■ What you need to do
Your answer should hold the data exactly as given, minus any picture.

(Image-backed grounding data)

────────────────

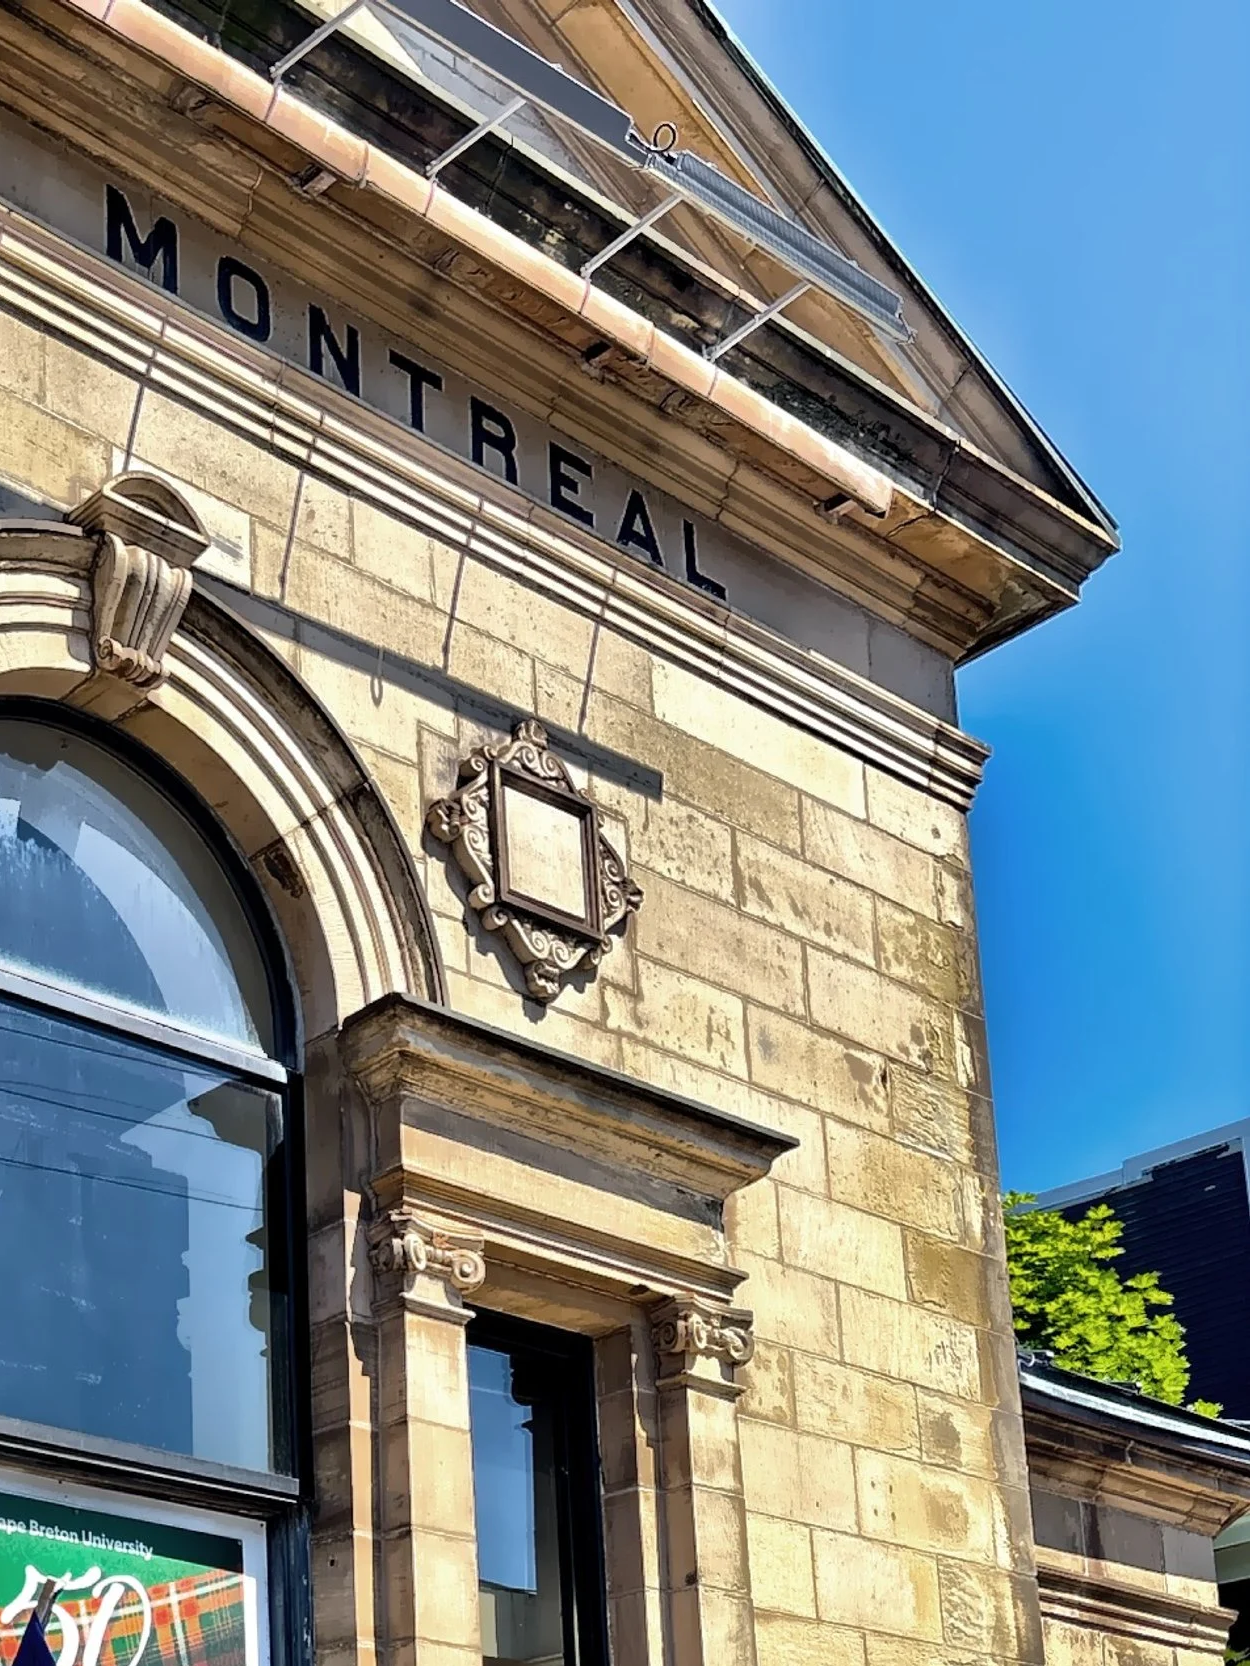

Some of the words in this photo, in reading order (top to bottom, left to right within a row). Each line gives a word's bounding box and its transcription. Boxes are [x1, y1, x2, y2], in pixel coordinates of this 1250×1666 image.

[105, 184, 728, 600] MONTREAL
[29, 1519, 79, 1544] Breton
[81, 1530, 153, 1560] University
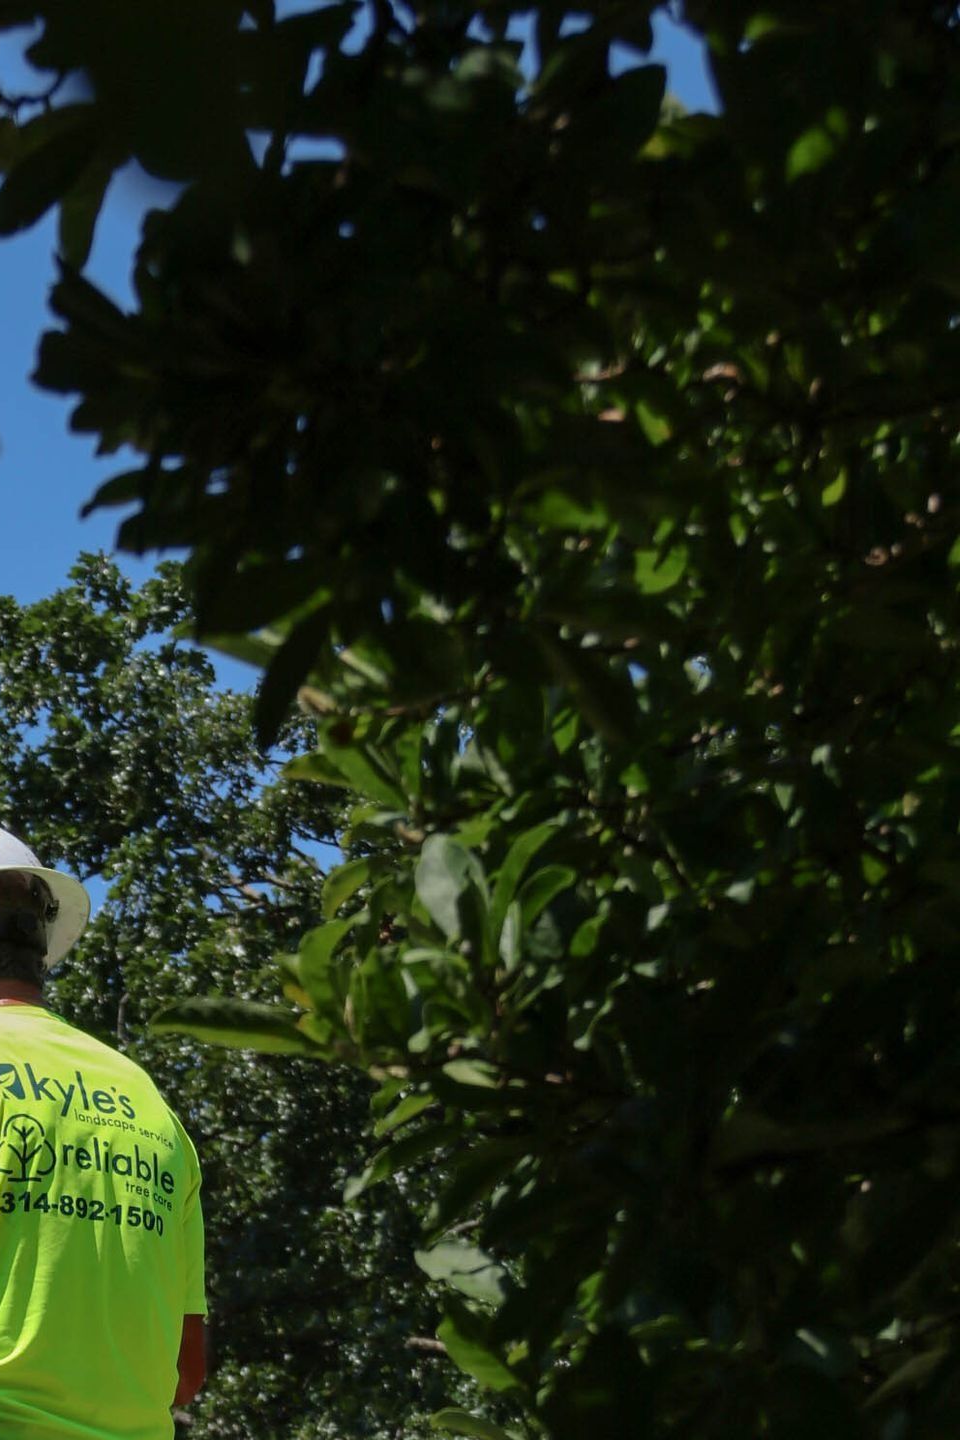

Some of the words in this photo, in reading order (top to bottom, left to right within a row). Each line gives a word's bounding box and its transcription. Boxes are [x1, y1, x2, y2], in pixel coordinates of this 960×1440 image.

[24, 1062, 136, 1120] kyle's
[74, 1108, 136, 1132] landscape
[138, 1127, 173, 1151] service
[62, 1136, 175, 1195] reliable
[0, 1191, 164, 1237] 314-892-1500
[125, 1181, 150, 1198] tree
[152, 1193, 173, 1212] care
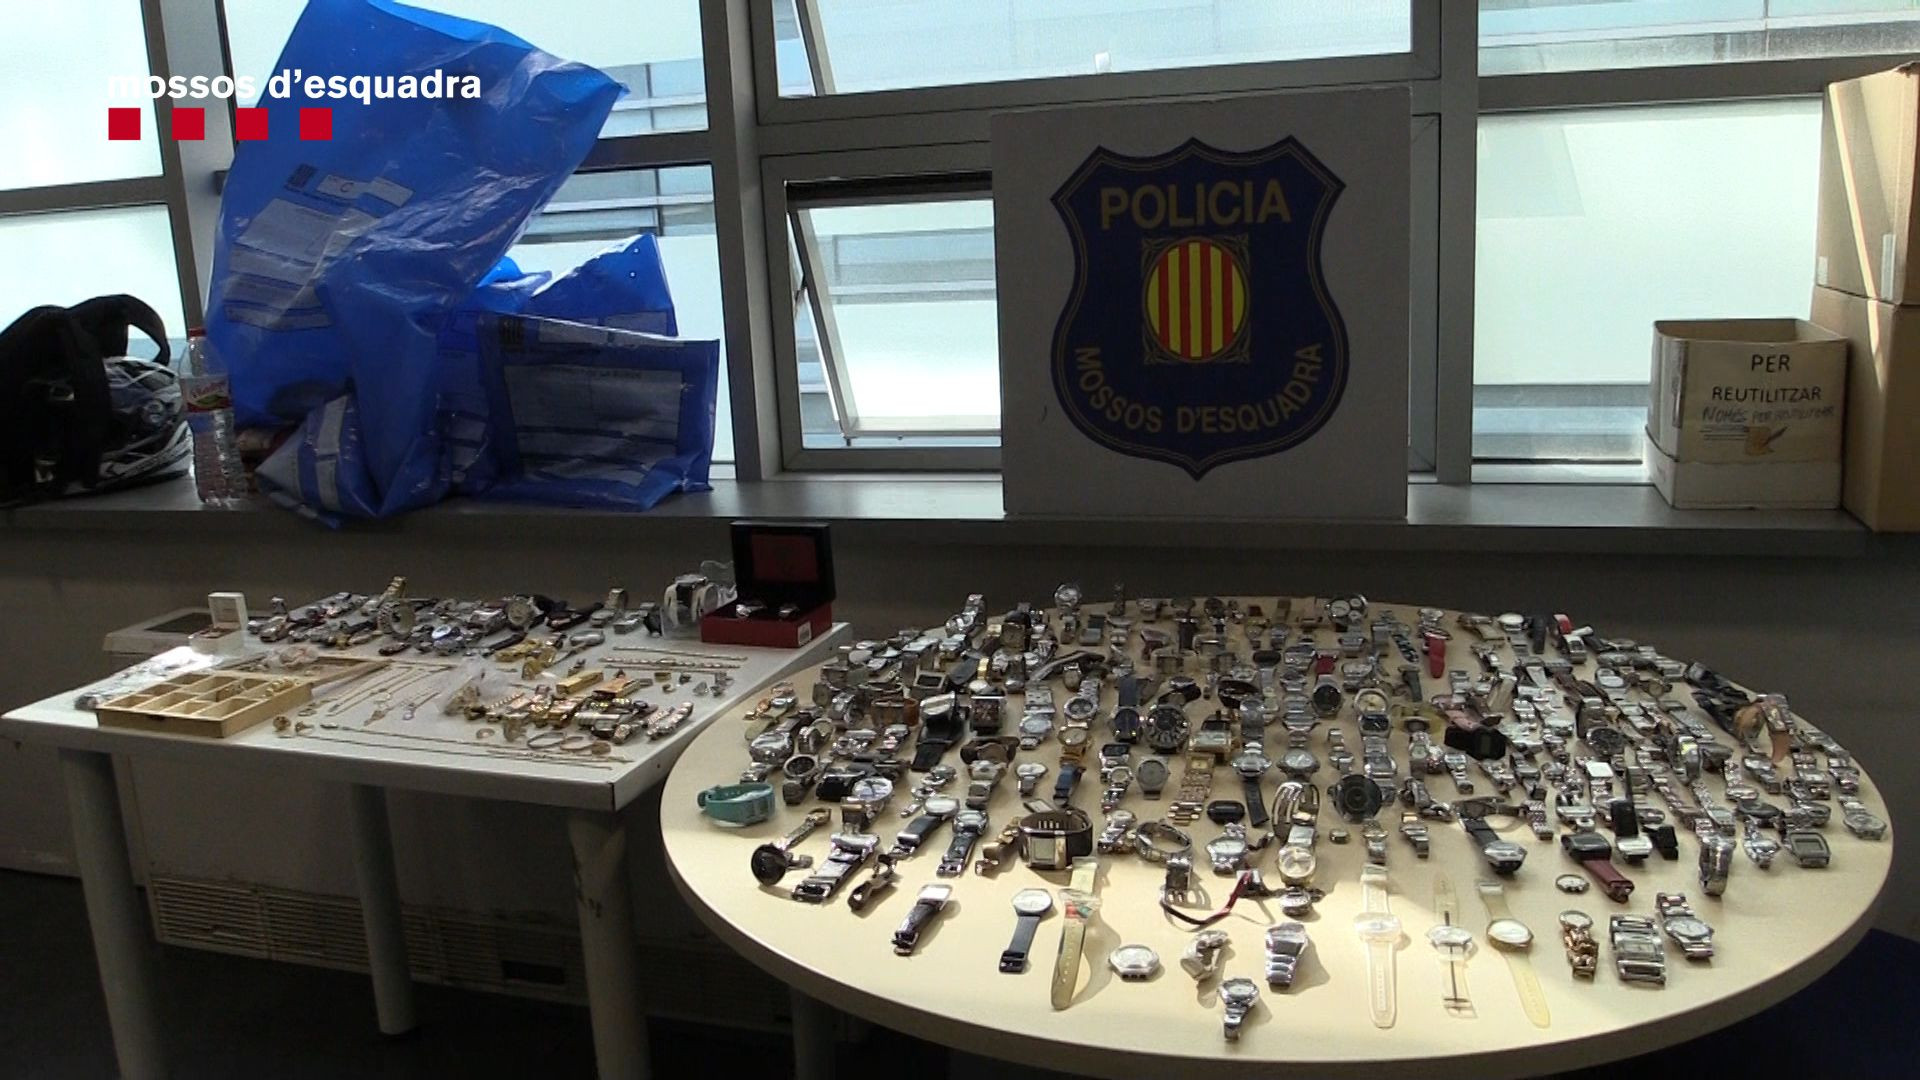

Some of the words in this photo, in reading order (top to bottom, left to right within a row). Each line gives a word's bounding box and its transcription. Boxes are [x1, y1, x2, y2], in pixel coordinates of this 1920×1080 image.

[1100, 178, 1292, 231] POLICIA
[1751, 354, 1791, 373] PER
[1074, 345, 1165, 434] MOSSOS
[1176, 342, 1324, 434] D'ESQUADRA
[1711, 386, 1822, 403] REUTILITZAR
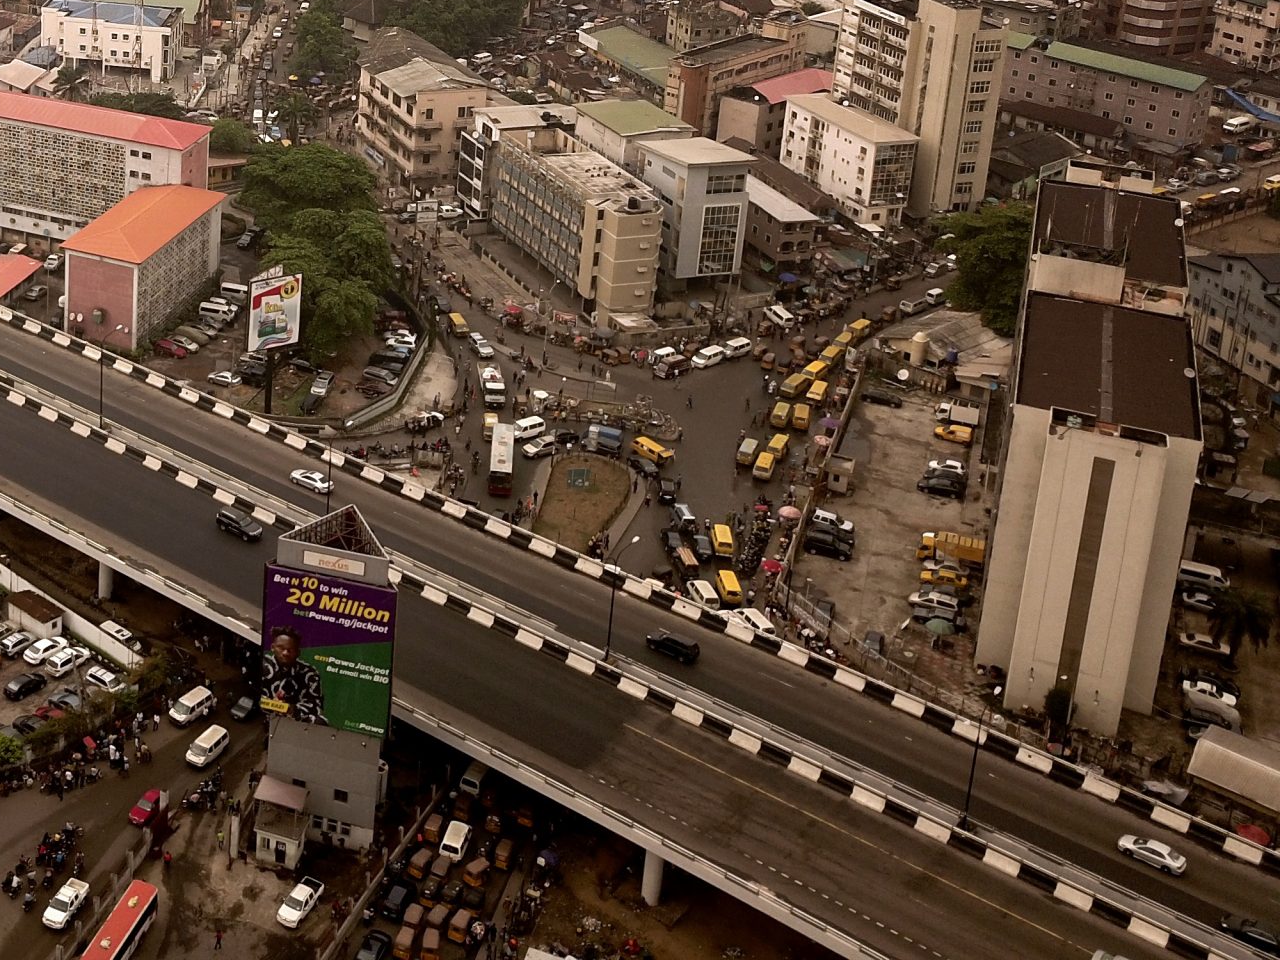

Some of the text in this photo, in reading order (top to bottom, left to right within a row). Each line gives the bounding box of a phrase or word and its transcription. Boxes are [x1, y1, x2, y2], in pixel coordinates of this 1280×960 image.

[318, 558, 350, 571] nexus
[273, 574, 290, 585] Bet
[301, 576, 318, 590] 10
[320, 583, 329, 592] to
[331, 586, 348, 596] win
[286, 588, 390, 623] 20 Million
[314, 655, 390, 676] emPawa Jackpot
[326, 665, 389, 684] Bet small win BIG

────────────────

■ Solution
Some of the words in this photo, in reading order (top to bottom, left to right within a row). Each line gives a word's bounding box and its transcription. Boxes are [x1, y1, x2, y2], in pixel coordinates of this 1250×1666 image.

[105, 184, 728, 600] MONTREAL
[29, 1519, 79, 1544] Breton
[81, 1530, 153, 1560] University

Some of the words in this photo, in reading order (top to bottom, left to right within a row). Each line gives a word's bounding box and its transcription. Boxes are [x1, y1, x2, y2], in pixel coordinates of this 960×1440 image.

[24, 1062, 136, 1120] kyle's
[74, 1108, 136, 1132] landscape
[138, 1127, 173, 1151] service
[62, 1136, 175, 1195] reliable
[0, 1191, 164, 1237] 314-892-1500
[125, 1181, 150, 1198] tree
[152, 1193, 173, 1212] care

Some of the words in this photo, in reading order (top to bottom, left to right within a row). Each line gives a word's bounding box and its transcription. Boxes are [x1, y1, x2, y2], in pixel coordinates of this 1920×1080 image.

[1100, 178, 1292, 231] POLICIA
[1751, 354, 1791, 373] PER
[1074, 345, 1165, 434] MOSSOS
[1176, 342, 1324, 434] D'ESQUADRA
[1711, 386, 1822, 403] REUTILITZAR

Some of the text in this photo, in reading order (top to bottom, left to right within a row). Each line gives the bounding box of a phrase or word and its transcription. Boxes are [x1, y1, x2, y2], in pixel coordinates of this 1280×960 image.

[318, 558, 350, 571] nexus
[273, 574, 290, 585] Bet
[301, 576, 318, 590] 10
[320, 583, 329, 592] to
[331, 586, 348, 596] win
[286, 588, 390, 623] 20 Million
[314, 655, 390, 676] emPawa Jackpot
[326, 665, 389, 684] Bet small win BIG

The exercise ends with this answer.